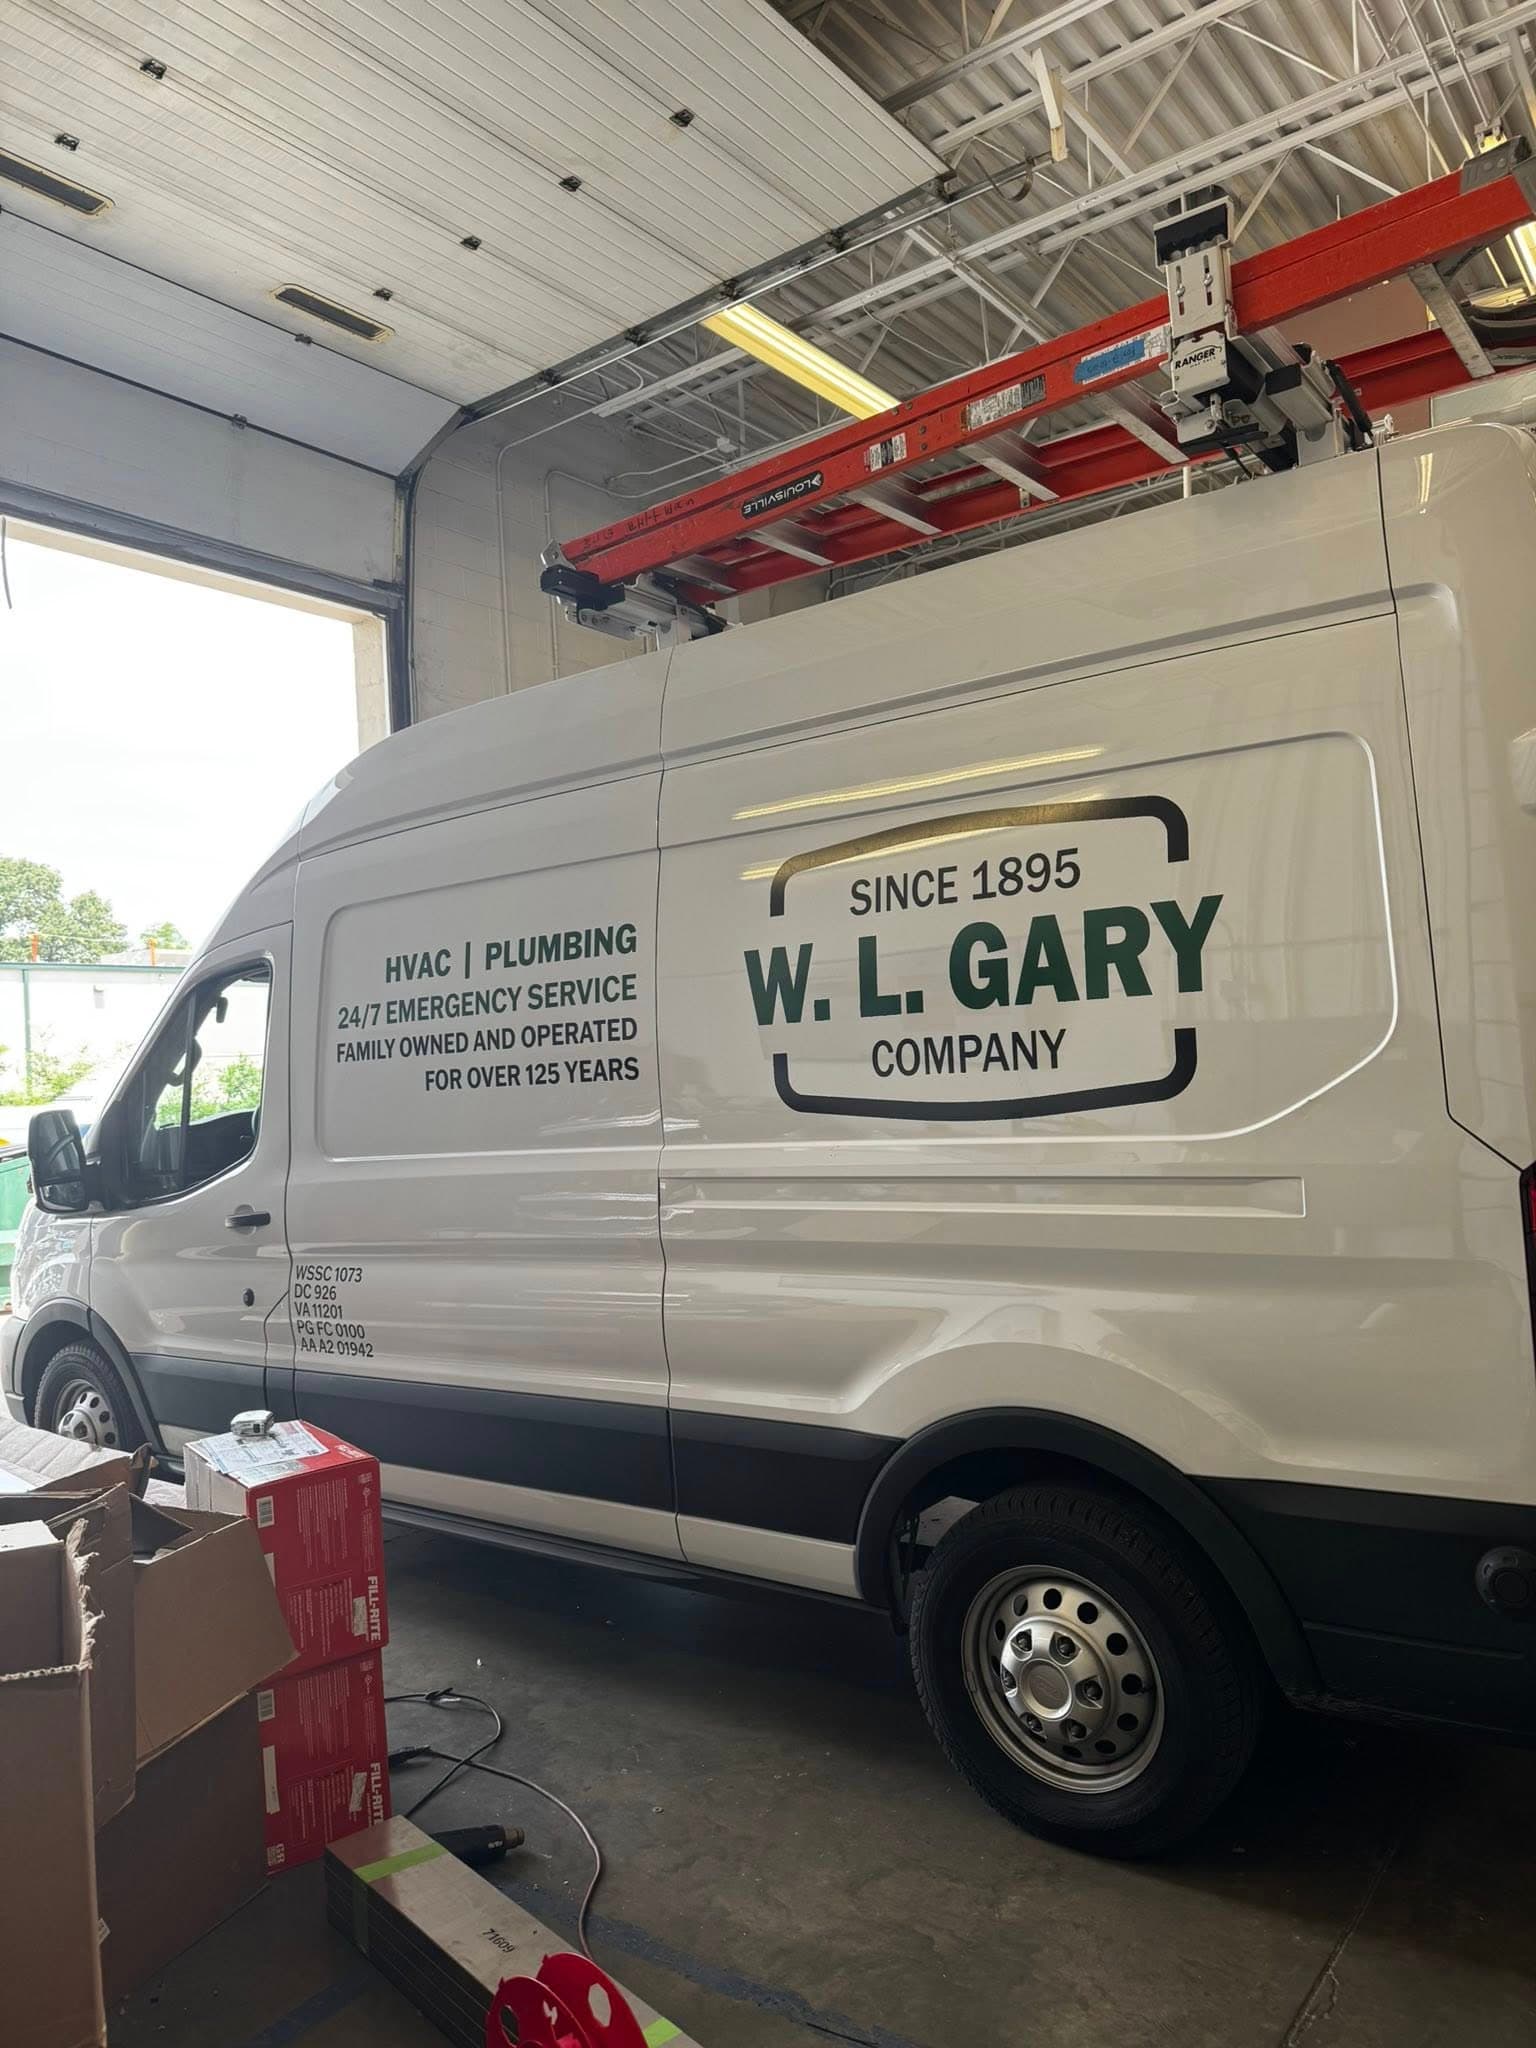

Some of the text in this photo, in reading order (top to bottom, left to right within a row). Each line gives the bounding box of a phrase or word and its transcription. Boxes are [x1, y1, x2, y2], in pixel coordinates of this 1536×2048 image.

[1175, 348, 1215, 369] RANGER
[743, 479, 811, 515] LOUISVILLE
[849, 847, 1081, 916] SINCE 1895
[385, 949, 451, 983] HVAC
[485, 923, 638, 971] PLUMBING
[743, 894, 1225, 1026] W. L. GARY
[337, 973, 638, 1030] 24/7 EMERGENCY SERVICE
[336, 1017, 638, 1063] FAMILY OWNED AND OPERATED
[871, 1028, 1067, 1078] COMPANY
[425, 1056, 639, 1091] FOR OVER 125 YEARS
[296, 1264, 363, 1283] WSSC 1073
[294, 1283, 337, 1301] DC 926
[294, 1302, 343, 1320] VA 11201
[296, 1319, 366, 1339] PG FC 0100
[337, 1340, 375, 1358] 01942
[368, 1575, 382, 1641] FILL-RITE
[482, 1928, 516, 1953] 71609

• [DIRECTIONS FOR THIS TASK]: Would you give the records again exactly, dropping the pictures?

• [RESPONSE BELOW]:
Some of the text in this photo, in reading order (top to bottom, left to right within a row). Each line gives the bounding box of a phrase or word and its transcription. Boxes are [x1, y1, x2, y2], in pixel coordinates of this 1536×2048 image.

[1175, 348, 1215, 369] RANGER
[743, 479, 811, 515] LOUISVILLE
[849, 847, 1081, 916] SINCE 1895
[385, 949, 451, 983] HVAC
[485, 923, 638, 971] PLUMBING
[743, 894, 1225, 1026] W. L. GARY
[337, 973, 638, 1030] 24/7 EMERGENCY SERVICE
[336, 1017, 638, 1063] FAMILY OWNED AND OPERATED
[871, 1028, 1067, 1078] COMPANY
[425, 1056, 639, 1091] FOR OVER 125 YEARS
[296, 1264, 363, 1283] WSSC 1073
[294, 1283, 337, 1301] DC 926
[294, 1302, 343, 1320] VA 11201
[296, 1319, 366, 1339] PG FC 0100
[337, 1340, 375, 1358] 01942
[368, 1575, 382, 1641] FILL-RITE
[482, 1928, 516, 1953] 71609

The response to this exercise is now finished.